This section of ESOL Online contains strategies and models for vocabulary teaching and learning.  

Supporting comprehension with text-to-speech (TTS) tools 

Text-to-speech tools can help ELLs read by providing an auditory accompaniment to the words they are reading online. This can aid both comprehension and phonemic awareness.

Digital tools for developing oral language

Teachers and social media

Interactions with classmates and teachers help ELL's develop their understanding of, and ability to speak, English as they use context to comprehend what they hear.

While this natural exposure to oral language helps ELLs improve their listening comprehension and speaking output, it is still essential to create supportive conditions for practising oral language, especially when dealing with unfamiliar topics and academic subjects. ELLs benefit from speaking and listening in situations where they feel safe to make mistakes, get feedback, and practise specific language structures. Digital tools can aid in this process.

When ELLs record their own voice, they strategise and prepare what they will say. This can lead to higher motivation to self-correct and search for the right vocabulary. Playing back their own voice can also be an empowering experience, as they hear for themselves the advancements they've made in English. Listening to their own voice can help them form a critical lens on their own speaking, leading to self-correction and improvement. There are a range of digital tools students can use to create sophisticated media products, which they can easily share with a wider audience for further feedback.

Digital tools for developing speaking

Voicethread 

Voicethread allows students to record themselves and leave comments on uploaded images, presentations, and PDFs. The site allows these recordings or "voicethreads" to be shared using links. It also has a number of management tools for Teachers, including privacy settings, the ability to organise students into classes and groups, as well as to record their own comments on student work.

Vocaroo

Very simple voice recording tool. Users make recordings and share them using links. 

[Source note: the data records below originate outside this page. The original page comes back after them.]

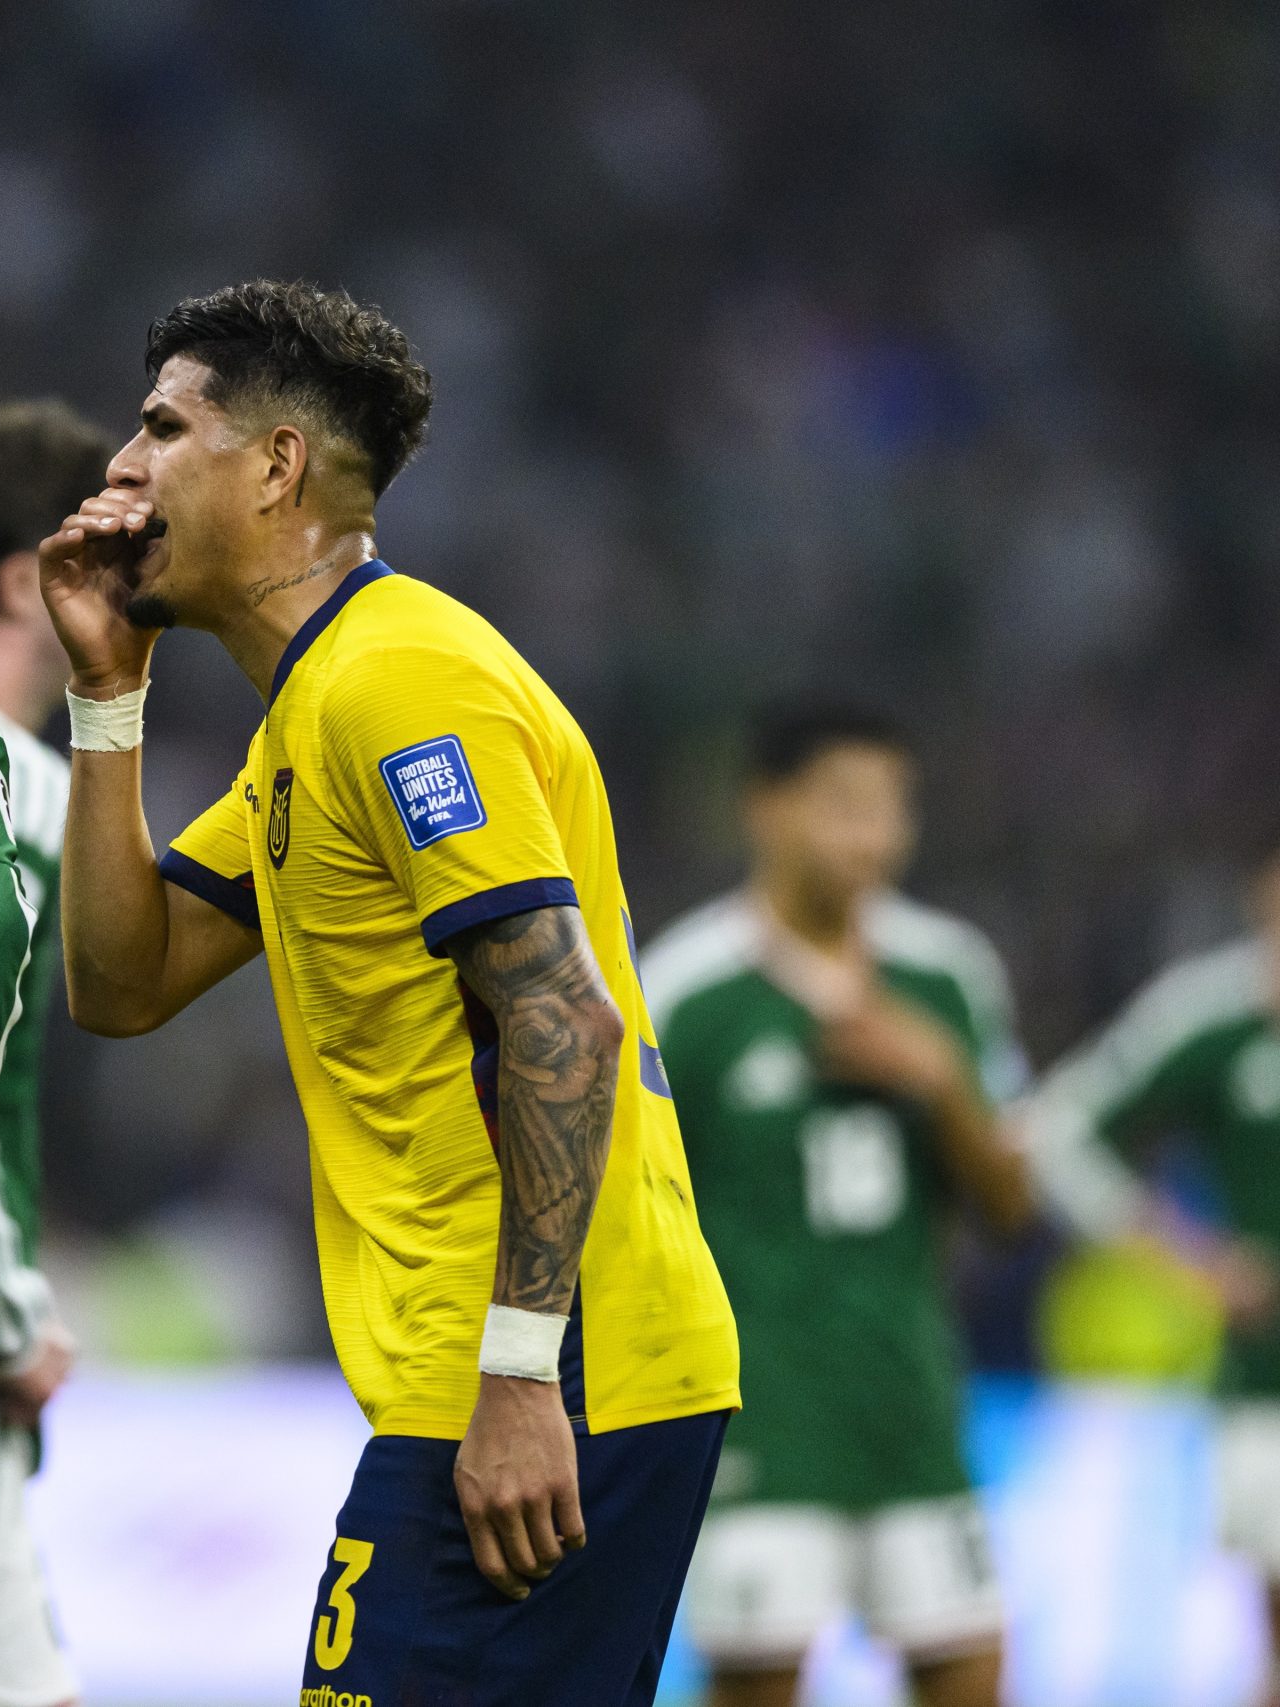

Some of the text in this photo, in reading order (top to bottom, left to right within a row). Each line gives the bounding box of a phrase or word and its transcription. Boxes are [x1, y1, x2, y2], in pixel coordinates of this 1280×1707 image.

[396, 754, 451, 783] FOOTBALL
[402, 767, 457, 802] UNITES
[408, 786, 466, 821] the World
[427, 811, 451, 825] FIFA
[315, 1536, 374, 1670] 3
[299, 1684, 372, 1707] arathon

Listening is a complex ability that involves a number of different skills, such as:

  • phonemic awareness – recognising letters, words and the sounds they make
  • comprehension
    • understanding vocabulary
    • detecting "signposts" (words that indicate the direction of speech, such as "first of all", "to conclude", etc.) 
    • inferring meaning from context   
    • understanding colloquialisms and phrases.

Phonemic awareness: Recognising words and sounds 

Phonemic awareness is an important skill that underpins both reading and listening abilities. When students are able to connect the sounds they hear to the letters on the page, they are able to extend their vocabulary and recognise more words.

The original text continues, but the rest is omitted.